Description of the task ::
Please print the records below exactly as they are.

The data ::
-=-=-=-=-

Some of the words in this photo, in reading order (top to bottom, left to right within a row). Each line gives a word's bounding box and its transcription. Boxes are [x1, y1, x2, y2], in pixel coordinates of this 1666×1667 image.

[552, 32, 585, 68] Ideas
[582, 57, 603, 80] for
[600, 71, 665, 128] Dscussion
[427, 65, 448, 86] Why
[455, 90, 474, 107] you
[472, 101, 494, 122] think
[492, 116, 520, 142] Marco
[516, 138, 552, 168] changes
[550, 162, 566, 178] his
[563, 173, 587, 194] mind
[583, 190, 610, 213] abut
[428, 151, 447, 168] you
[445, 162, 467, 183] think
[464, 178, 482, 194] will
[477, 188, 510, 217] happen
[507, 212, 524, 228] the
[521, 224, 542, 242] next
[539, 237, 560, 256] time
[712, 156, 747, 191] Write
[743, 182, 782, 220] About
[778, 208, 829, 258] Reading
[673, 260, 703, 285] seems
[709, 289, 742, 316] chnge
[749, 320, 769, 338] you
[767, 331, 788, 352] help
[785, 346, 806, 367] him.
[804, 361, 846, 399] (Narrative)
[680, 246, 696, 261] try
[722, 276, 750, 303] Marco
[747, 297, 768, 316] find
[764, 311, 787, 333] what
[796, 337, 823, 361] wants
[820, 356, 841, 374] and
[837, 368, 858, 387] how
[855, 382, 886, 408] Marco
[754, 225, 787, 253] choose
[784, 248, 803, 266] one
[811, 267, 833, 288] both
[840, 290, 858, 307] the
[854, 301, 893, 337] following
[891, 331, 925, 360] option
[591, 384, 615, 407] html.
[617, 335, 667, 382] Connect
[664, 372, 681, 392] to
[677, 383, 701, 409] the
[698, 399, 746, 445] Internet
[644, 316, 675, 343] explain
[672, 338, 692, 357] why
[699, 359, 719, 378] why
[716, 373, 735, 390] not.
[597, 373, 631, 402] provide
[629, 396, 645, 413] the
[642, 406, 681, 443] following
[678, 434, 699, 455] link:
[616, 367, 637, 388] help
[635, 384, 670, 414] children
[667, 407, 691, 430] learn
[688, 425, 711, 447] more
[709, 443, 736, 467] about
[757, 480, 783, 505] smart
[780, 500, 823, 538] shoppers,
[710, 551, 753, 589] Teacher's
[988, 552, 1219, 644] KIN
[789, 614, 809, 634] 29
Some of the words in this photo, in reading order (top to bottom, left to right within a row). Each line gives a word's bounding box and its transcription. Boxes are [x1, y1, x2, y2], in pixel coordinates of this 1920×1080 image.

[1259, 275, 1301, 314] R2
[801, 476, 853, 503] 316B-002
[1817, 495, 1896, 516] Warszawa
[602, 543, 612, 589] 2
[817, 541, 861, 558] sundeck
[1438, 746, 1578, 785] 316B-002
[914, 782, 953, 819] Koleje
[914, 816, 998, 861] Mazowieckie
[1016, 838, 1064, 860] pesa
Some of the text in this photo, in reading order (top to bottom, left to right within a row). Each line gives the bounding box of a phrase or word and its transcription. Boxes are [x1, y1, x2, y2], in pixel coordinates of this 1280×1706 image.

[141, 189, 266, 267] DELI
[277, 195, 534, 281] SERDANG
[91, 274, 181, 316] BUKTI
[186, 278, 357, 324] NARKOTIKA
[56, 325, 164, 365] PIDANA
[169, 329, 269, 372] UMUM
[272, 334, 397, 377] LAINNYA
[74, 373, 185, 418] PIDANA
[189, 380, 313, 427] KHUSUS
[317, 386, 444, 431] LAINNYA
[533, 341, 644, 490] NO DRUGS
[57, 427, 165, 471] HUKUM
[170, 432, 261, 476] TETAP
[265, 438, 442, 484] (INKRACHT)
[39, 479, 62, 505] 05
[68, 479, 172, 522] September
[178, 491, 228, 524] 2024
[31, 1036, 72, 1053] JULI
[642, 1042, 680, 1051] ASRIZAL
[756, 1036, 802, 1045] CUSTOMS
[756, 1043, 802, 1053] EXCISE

-=-=-=-=-

The answer ::
Some of the words in this photo, in reading order (top to bottom, left to right within a row). Each line gives a word's bounding box and its transcription. Boxes are [x1, y1, x2, y2], in pixel coordinates of this 1666×1667 image.

[552, 32, 585, 68] Ideas
[582, 57, 603, 80] for
[600, 71, 665, 128] Dscussion
[427, 65, 448, 86] Why
[455, 90, 474, 107] you
[472, 101, 494, 122] think
[492, 116, 520, 142] Marco
[516, 138, 552, 168] changes
[550, 162, 566, 178] his
[563, 173, 587, 194] mind
[583, 190, 610, 213] abut
[428, 151, 447, 168] you
[445, 162, 467, 183] think
[464, 178, 482, 194] will
[477, 188, 510, 217] happen
[507, 212, 524, 228] the
[521, 224, 542, 242] next
[539, 237, 560, 256] time
[712, 156, 747, 191] Write
[743, 182, 782, 220] About
[778, 208, 829, 258] Reading
[673, 260, 703, 285] seems
[709, 289, 742, 316] chnge
[749, 320, 769, 338] you
[767, 331, 788, 352] help
[785, 346, 806, 367] him.
[804, 361, 846, 399] (Narrative)
[680, 246, 696, 261] try
[722, 276, 750, 303] Marco
[747, 297, 768, 316] find
[764, 311, 787, 333] what
[796, 337, 823, 361] wants
[820, 356, 841, 374] and
[837, 368, 858, 387] how
[855, 382, 886, 408] Marco
[754, 225, 787, 253] choose
[784, 248, 803, 266] one
[811, 267, 833, 288] both
[840, 290, 858, 307] the
[854, 301, 893, 337] following
[891, 331, 925, 360] option
[591, 384, 615, 407] html.
[617, 335, 667, 382] Connect
[664, 372, 681, 392] to
[677, 383, 701, 409] the
[698, 399, 746, 445] Internet
[644, 316, 675, 343] explain
[672, 338, 692, 357] why
[699, 359, 719, 378] why
[716, 373, 735, 390] not.
[597, 373, 631, 402] provide
[629, 396, 645, 413] the
[642, 406, 681, 443] following
[678, 434, 699, 455] link:
[616, 367, 637, 388] help
[635, 384, 670, 414] children
[667, 407, 691, 430] learn
[688, 425, 711, 447] more
[709, 443, 736, 467] about
[757, 480, 783, 505] smart
[780, 500, 823, 538] shoppers,
[710, 551, 753, 589] Teacher's
[988, 552, 1219, 644] KIN
[789, 614, 809, 634] 29
Some of the words in this photo, in reading order (top to bottom, left to right within a row). Each line gives a word's bounding box and its transcription. Boxes are [x1, y1, x2, y2], in pixel coordinates of this 1920×1080 image.

[1259, 275, 1301, 314] R2
[801, 476, 853, 503] 316B-002
[1817, 495, 1896, 516] Warszawa
[602, 543, 612, 589] 2
[817, 541, 861, 558] sundeck
[1438, 746, 1578, 785] 316B-002
[914, 782, 953, 819] Koleje
[914, 816, 998, 861] Mazowieckie
[1016, 838, 1064, 860] pesa
Some of the text in this photo, in reading order (top to bottom, left to right within a row). Each line gives the bounding box of a phrase or word and its transcription. Boxes are [x1, y1, x2, y2], in pixel coordinates of this 1280×1706 image.

[141, 189, 266, 267] DELI
[277, 195, 534, 281] SERDANG
[91, 274, 181, 316] BUKTI
[186, 278, 357, 324] NARKOTIKA
[56, 325, 164, 365] PIDANA
[169, 329, 269, 372] UMUM
[272, 334, 397, 377] LAINNYA
[74, 373, 185, 418] PIDANA
[189, 380, 313, 427] KHUSUS
[317, 386, 444, 431] LAINNYA
[533, 341, 644, 490] NO DRUGS
[57, 427, 165, 471] HUKUM
[170, 432, 261, 476] TETAP
[265, 438, 442, 484] (INKRACHT)
[39, 479, 62, 505] 05
[68, 479, 172, 522] September
[178, 491, 228, 524] 2024
[31, 1036, 72, 1053] JULI
[642, 1042, 680, 1051] ASRIZAL
[756, 1036, 802, 1045] CUSTOMS
[756, 1043, 802, 1053] EXCISE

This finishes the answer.